Although the current large model technical routes are not converging, at the current stage of application deployment, AI video production is already capable of assisting humans in completing shooting requirements that are time-consuming, labor-intensive, and costly, while compressing the generation time to an extremely low level.
Zhang Zheng believes that AI video generation will have completely different product-market fits (PMFs) at different stages of development.
For example, in the early stages, many videos that are extremely difficult for humans to shoot, even if the quality is poor or requires a large number of attempts to obtain, still cost several orders of magnitude less than setting up a scene and shooting content.
Zhang Zheng gave an example, such as shooting an aircraft carrier in space, which requires a special effects team to work frame by frame.
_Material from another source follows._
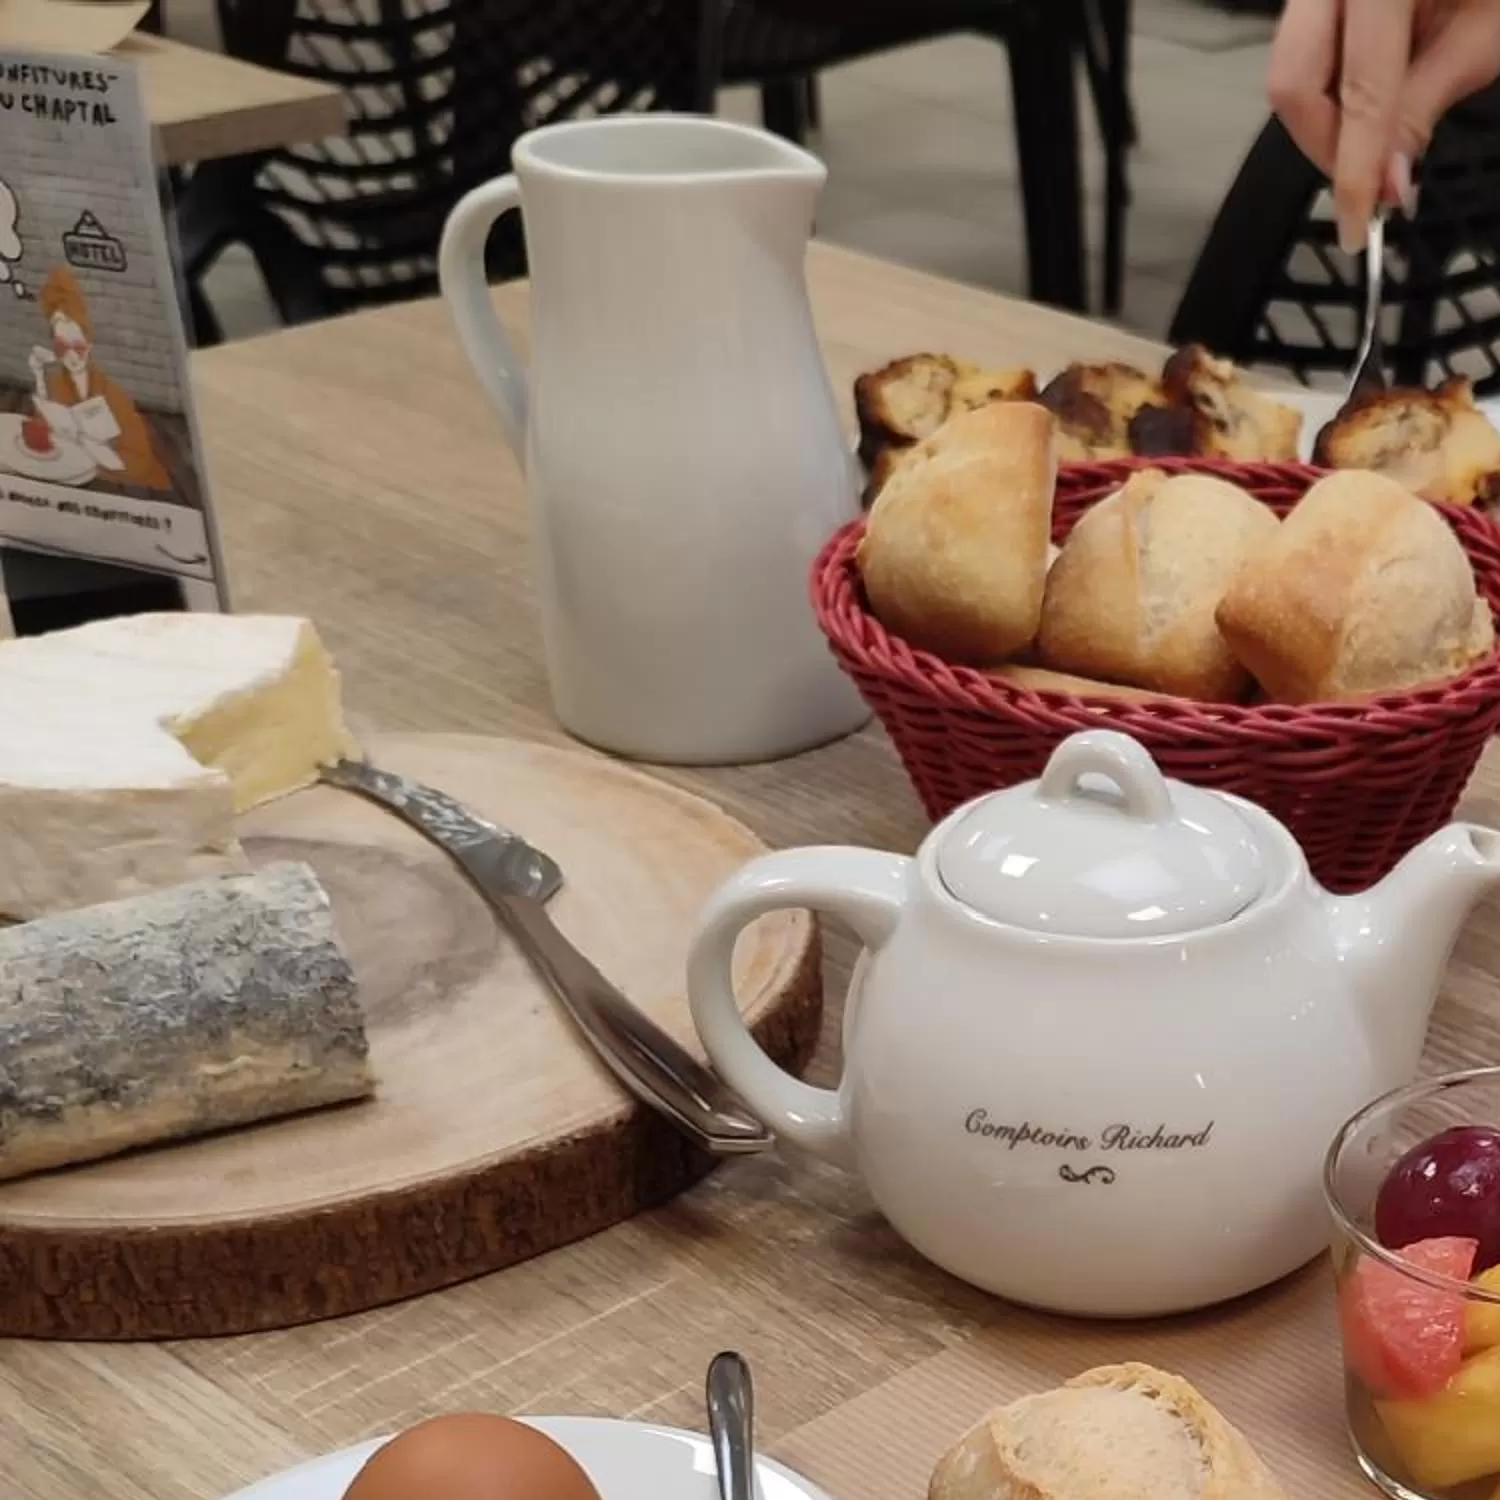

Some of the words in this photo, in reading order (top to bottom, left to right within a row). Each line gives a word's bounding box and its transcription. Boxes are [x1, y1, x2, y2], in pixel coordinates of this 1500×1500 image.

But now, by using the model, even if it requires 100 attempts and costs 500 yuan to obtain a clip, this cost is still much lower than before.
In a myriad of application scenarios, China's multi-modal large model companies have offered different answers regarding which commercialization route to take first, focusing on the B-end or C-end market.
At this stage, a prominent example of AI video applications in the C-end market is AI video special effects relying on video generation.
Having provided AI video technology support for the TikTok team, Wang Changhu, founder of Aishi Technology, shared that the breakthrough milestone for their product PixVerse came from the launch of special effects templates.
According to Wang Changhu, through the spread of special effects video templates on Douyin and various social media platforms at home and abroad, PixVerse gained popularity. That month, PixVerse ranked second on China's product overseas growth chart, with an 80% increase in visits. He also shared an impressive data point—in April this year, the only AI product with more monthly active user (MAU) growth than PixVerse was DeepSeek.
While technology is rapidly iterating, Aishi Technology has made its own choice in commercialization—focusing on the C-end market first and then the B-end market. Relying on the popularity gained from the C-end market, Aishi Technology expanded its territory to the B-end market this year, supporting APIs and customized video generation for various industries, including the internet, marketing, e-commerce, etc., starting in January this year.
In contrast, Shengshu Technology focused earlier on how to deploy video generation large models in the industrial sector. In the two years since its establishment, Shengshu Technology has spent a year and a half pondering deployment issues. Regarding industry segmentation, Luo Yihang presented a blueprint of "eight major industries and thirty major scenarios," among which the internet, advertising, movies, and animation account for 80% of applications.
In considering how to penetrate the B-end market, Shengshu Technology emphasizes reducing costs and improving production efficiency.
"To meet technical requirements, it's crucial that (AI video generation) production efficiency be increased 100-fold and production costs be reduced 100-fold. It's necessary to deeply adapt to the industry and meet its professional needs," said Luo Yihang.
Luo Yihang shared that an overseas animation studio cooperated with VIDU to create an "AI animation" workflow capable of generating creativity in batches. They produced 50 episodes of AI animation shorts in two months.
When efficiency and generation reach nodes that satisfy commercial use, and AI companies successively put commercialization on the agenda, it's foreseeable that in the second half of the year, AI generation in the multi-modal field will witness more intense competition in commercialization.